The soundtrack in Clueless’ opening moves from a cover of the 1980s song “Kids in America” to David Bowie’s “Fashion” to No Doubt’s “I’m Just a Girl.” Much of this music is non-diegetic music, and the songs move both backwards and forwards in history. The soundtrack riffs on popular music history and gender with the cover and with “Fashion.” The No Doubt song is non-diegetic but we believe that it might be something that Cher might listen to in her Jeep, which she drives illegally. Gwen Stefani’s voice becomes a voice of contemporary female pop music celebrity that serves as a then contemporary antithesis for Cher/Dionne, two of the major characters named after pop divas.
This clip illustrates the ever present need for more nuanced perspectives on popular music licensing, medium specificities, and temporalities.

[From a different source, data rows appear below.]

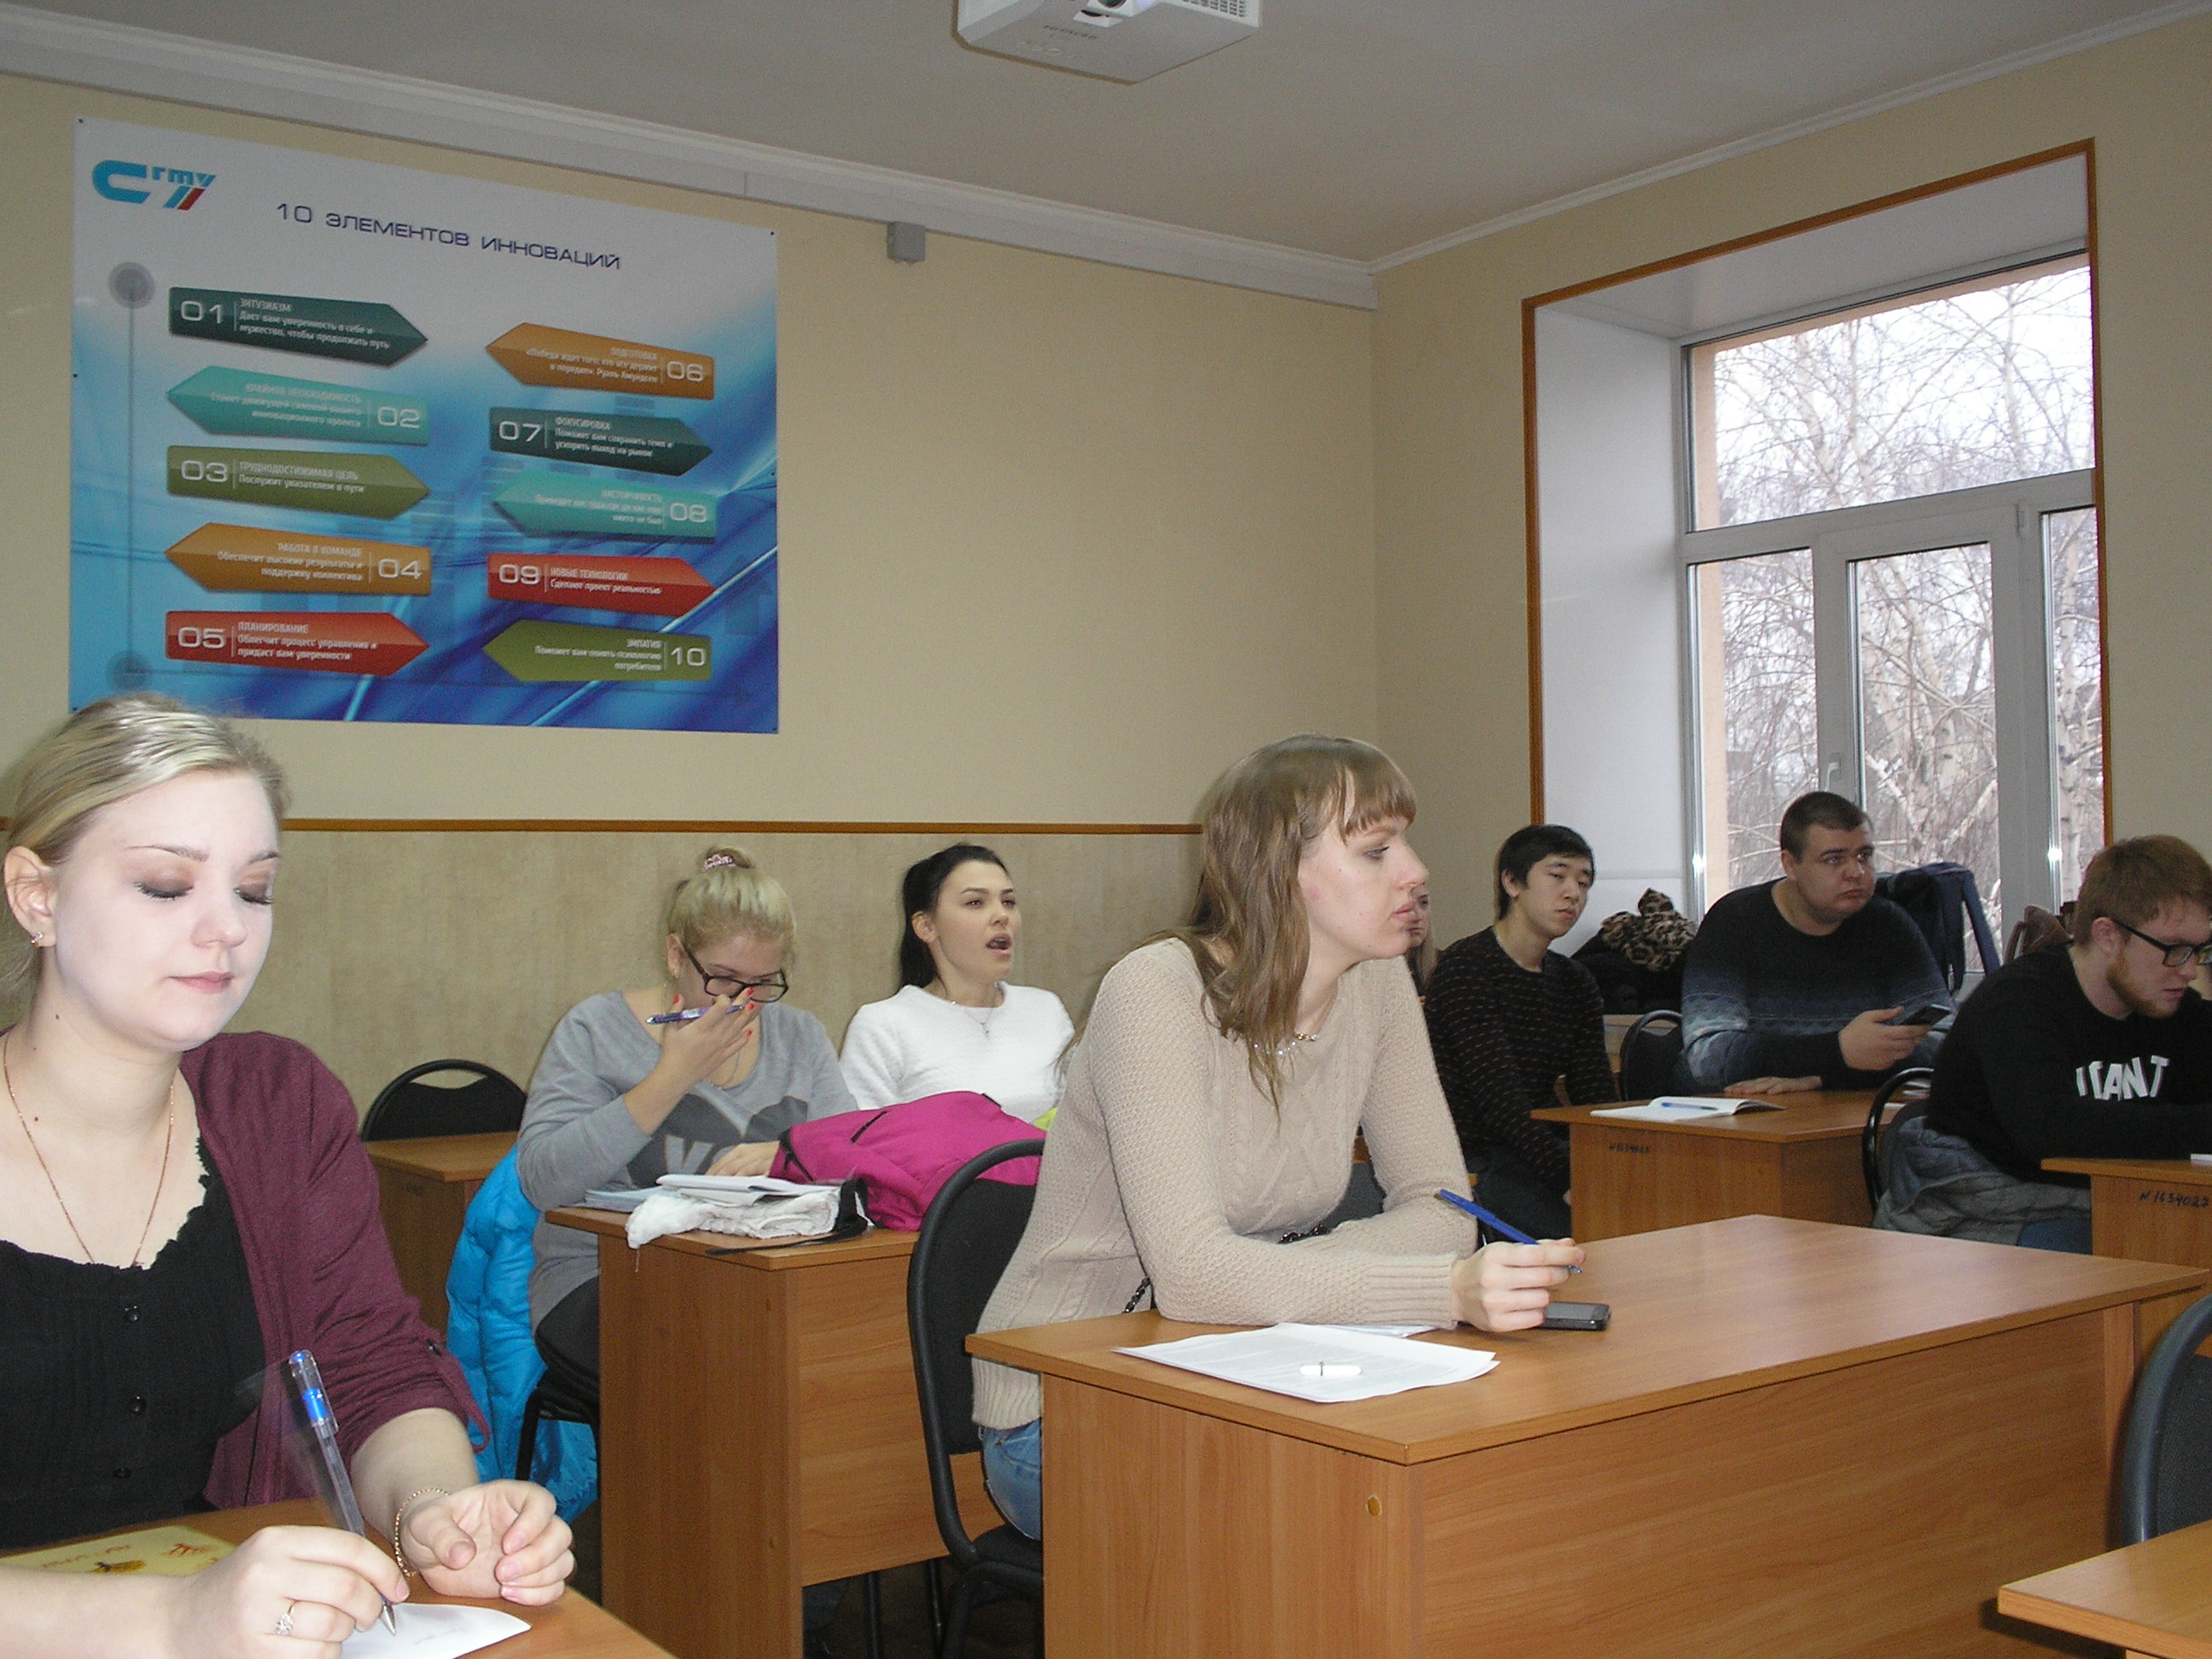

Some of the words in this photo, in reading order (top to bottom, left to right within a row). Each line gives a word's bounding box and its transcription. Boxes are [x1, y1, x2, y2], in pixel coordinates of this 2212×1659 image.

[276, 202, 312, 224] 10
[326, 212, 469, 247] ЭЛЕМЕНТОВ
[480, 236, 620, 270] ИННОВАЦИЙ
[180, 300, 224, 323] 01
[667, 361, 704, 381] 06
[377, 406, 421, 428] 02
[498, 421, 542, 442] 07
[180, 460, 228, 483] 03
[669, 503, 707, 523] 08
[377, 558, 423, 580] 04
[498, 563, 541, 585] 09
[178, 626, 227, 649] 05
[671, 647, 707, 667] 10

Is “generation X” an anomaly in that technologies and modalities of listening encouraged or required us to become “promiscuous” listeners (to twist a phrase from Jonathan Sterne’s analysis of mp3s)? What does it mean to listen to and appreciate the music of our parents, and how have musical technologies and mobile technologies enabled and disabled these cross-generational listening practices? For many of my students who love 1970s classic rock and contemporary music, how does parental listening play a role in the values we attach to listening and our listening practices?

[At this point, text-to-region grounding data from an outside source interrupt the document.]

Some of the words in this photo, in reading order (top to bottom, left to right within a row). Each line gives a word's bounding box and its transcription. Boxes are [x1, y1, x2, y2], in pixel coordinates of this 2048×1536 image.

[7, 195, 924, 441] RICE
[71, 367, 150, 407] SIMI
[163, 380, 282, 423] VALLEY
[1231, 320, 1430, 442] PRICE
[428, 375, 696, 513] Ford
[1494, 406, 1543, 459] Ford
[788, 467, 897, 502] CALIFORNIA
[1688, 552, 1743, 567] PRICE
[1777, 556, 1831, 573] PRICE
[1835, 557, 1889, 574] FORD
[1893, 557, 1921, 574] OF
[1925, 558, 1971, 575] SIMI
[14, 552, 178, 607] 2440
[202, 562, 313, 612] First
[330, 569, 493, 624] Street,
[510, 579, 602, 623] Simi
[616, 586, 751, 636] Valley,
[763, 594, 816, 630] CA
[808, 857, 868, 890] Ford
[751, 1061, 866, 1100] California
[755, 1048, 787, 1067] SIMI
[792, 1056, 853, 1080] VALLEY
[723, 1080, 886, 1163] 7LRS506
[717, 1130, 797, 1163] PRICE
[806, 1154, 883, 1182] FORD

This clip and other multivocal, multigenre soundtracks point us to the important work of elaborating, nuancing, and diversifying constructions of taste cultures based on gender, racial, and sexual identity categories (and identifications) done by a variety of media production personnel (both those workers long deemed “creative” and those workers such as music supervisors who have transcended the “line”). By embracing genre hybridity, Clueless rejects the tenets of rock discourse and the ways that rock discourse sidelines the contributions of women as artists and listeners; it suggests that there are alternative ways of imagining gender and music. Similar to the work done by so many queer, feminist, African American, Asian American, and Latino/a directors, music supervisors, producers, and music critics, Amy Heckerling’s film reclaims “mainstream” understandings of group listening tastes and musical fandoms by arguing for taking specific forms of listening pleasure seriously, asserting musical quality, and valuing musicianship. Simultaneously, the Clueless soundtrack diversifies listening tastes, working to move beyond obvious articulations of sound and bodies in order to think new connections between demographics and drum beats.